GMA Kapuso Foundation Inc.
- GMA Kapuso Foundation logo from 2012 to 2024
- Founded: 1991 (as Bisig Bayan Foundation)
- Founder: Menardo Jimenez (Bisig Bayan Foundation) Mel Tiangco (GMA Kapuso Foundation)
- Type: Charitable organization
- Focus: Health, Education, Disaster relief, Values Formation
- Location(s): GMA Network Center GMA Network Drive cor.
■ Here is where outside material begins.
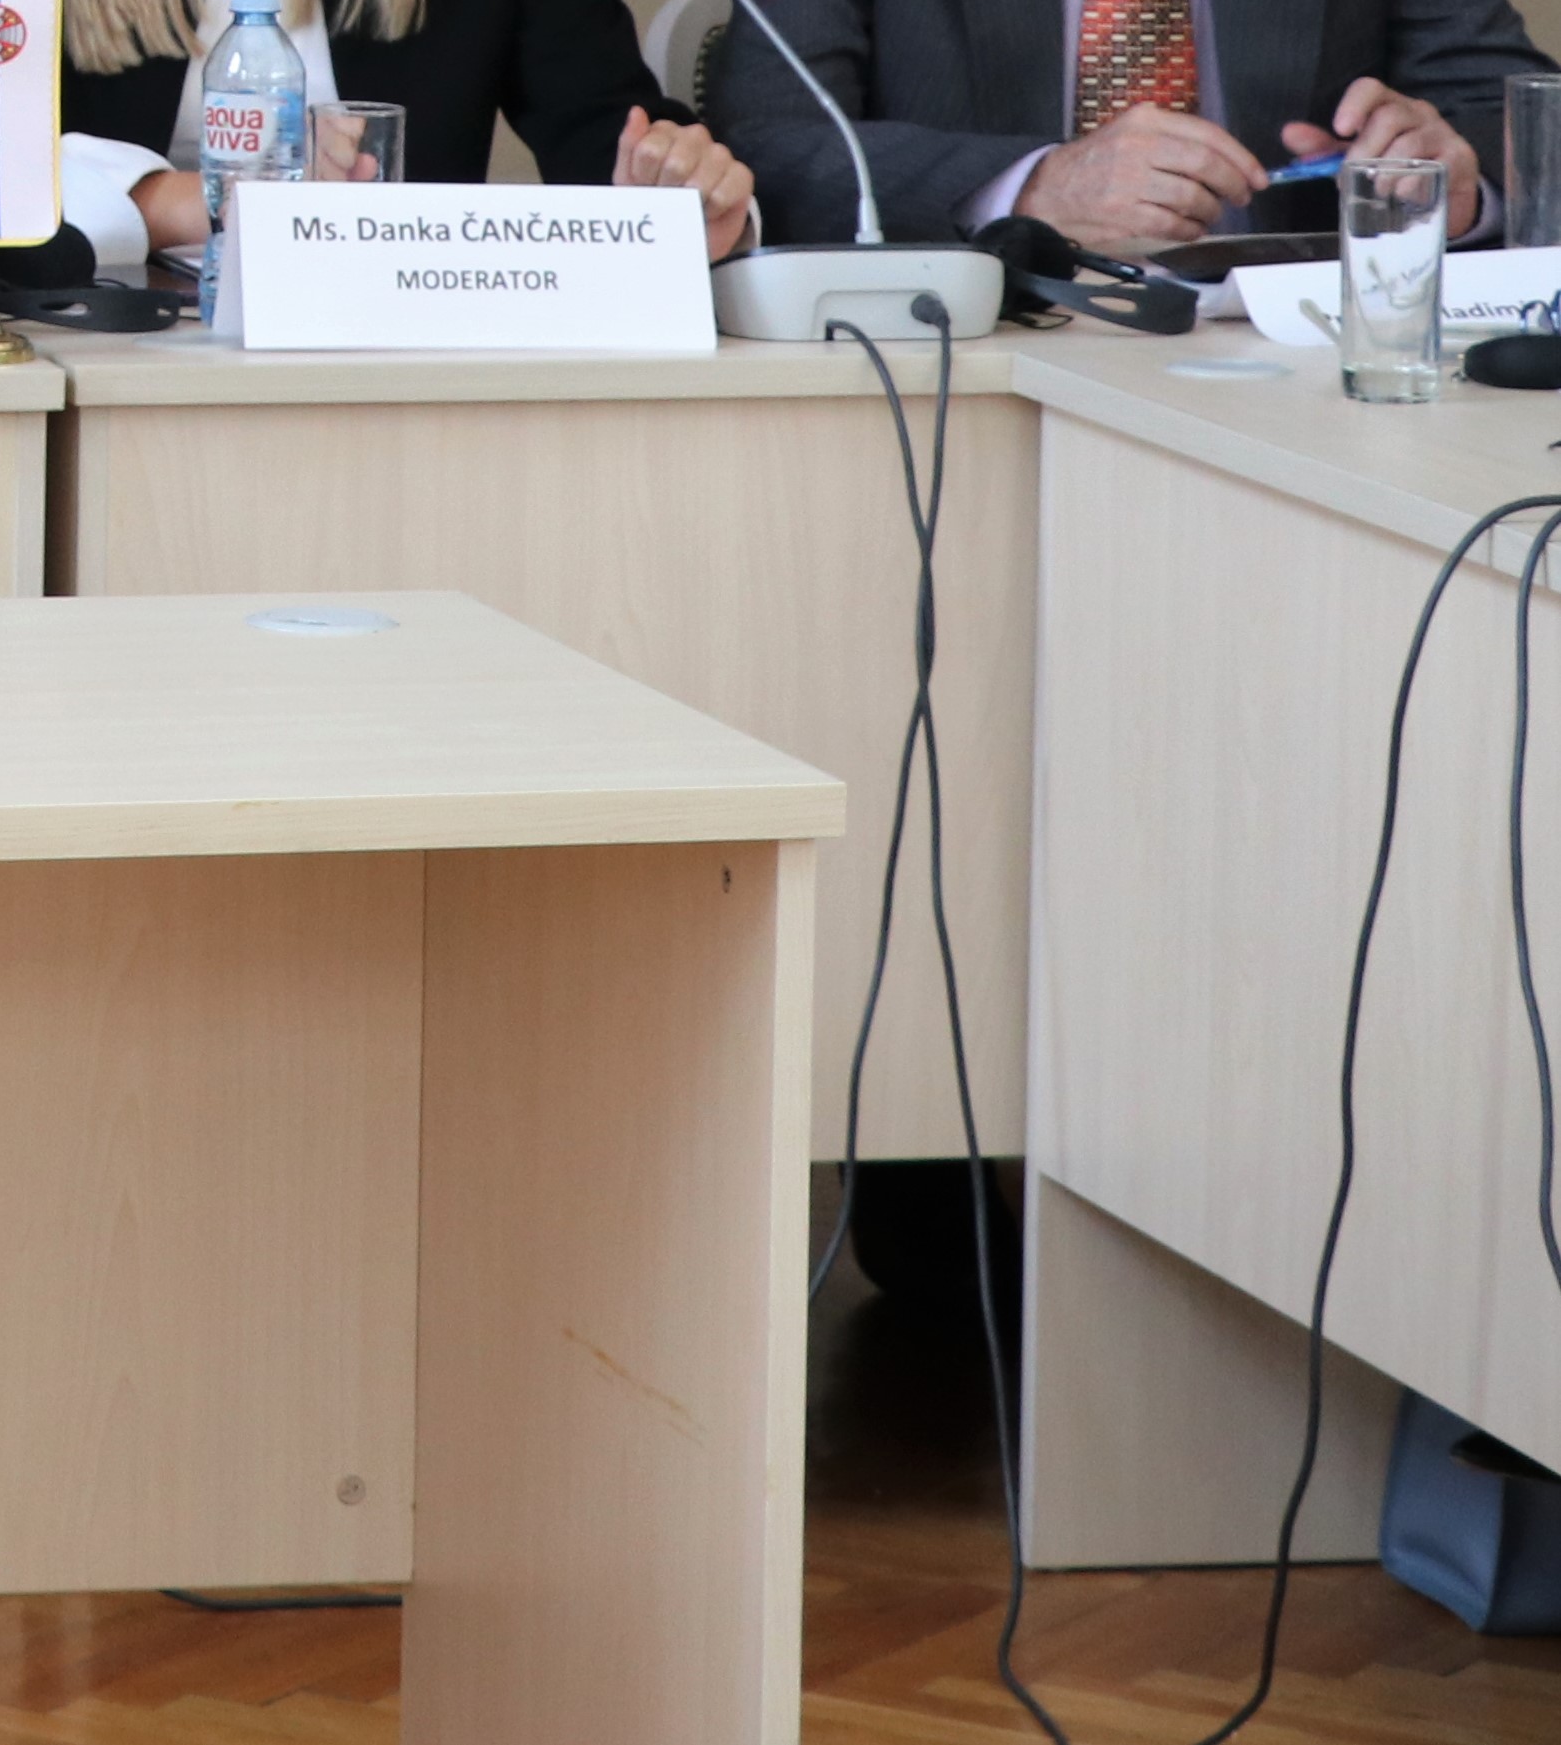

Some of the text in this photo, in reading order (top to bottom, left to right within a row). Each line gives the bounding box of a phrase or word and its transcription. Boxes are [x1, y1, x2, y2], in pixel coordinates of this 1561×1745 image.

[207, 130, 259, 151] viva
[291, 211, 656, 244] Ms. Danka ČANČAREVIĆ
[396, 269, 559, 291] MODERATOR
Samar Street Diliman, Quezon City 1103 Philippines;
- Coordinates: 14°38′1.32″N 121°2′36.60″E﻿ / ﻿14.6337000°N 121.0435000°E
- Region served: Philippines
- Owner: GMA Network Inc.
- Key people: Felipe Gozon, Chairman Gilberto Duavit Jr., President Felipe S. Yalong, Treasurer Roberto O. Parel, Secretary Luz Annalee O. Escudero-Catibog, EVP and COO Mel Tiangco, Founder and Ambassador
- Website: www.gmanetwork.com/kapusofoundation

= GMA Kapuso Foundation =

Socio-civic organization in the Philippines

GMA Kapuso Foundation Inc. (formerly Bisig Bayan Foundation and GMA Foundation) is a socio-civic organization organized by GMA Network Inc. to facilitate social programs and outreach to the public.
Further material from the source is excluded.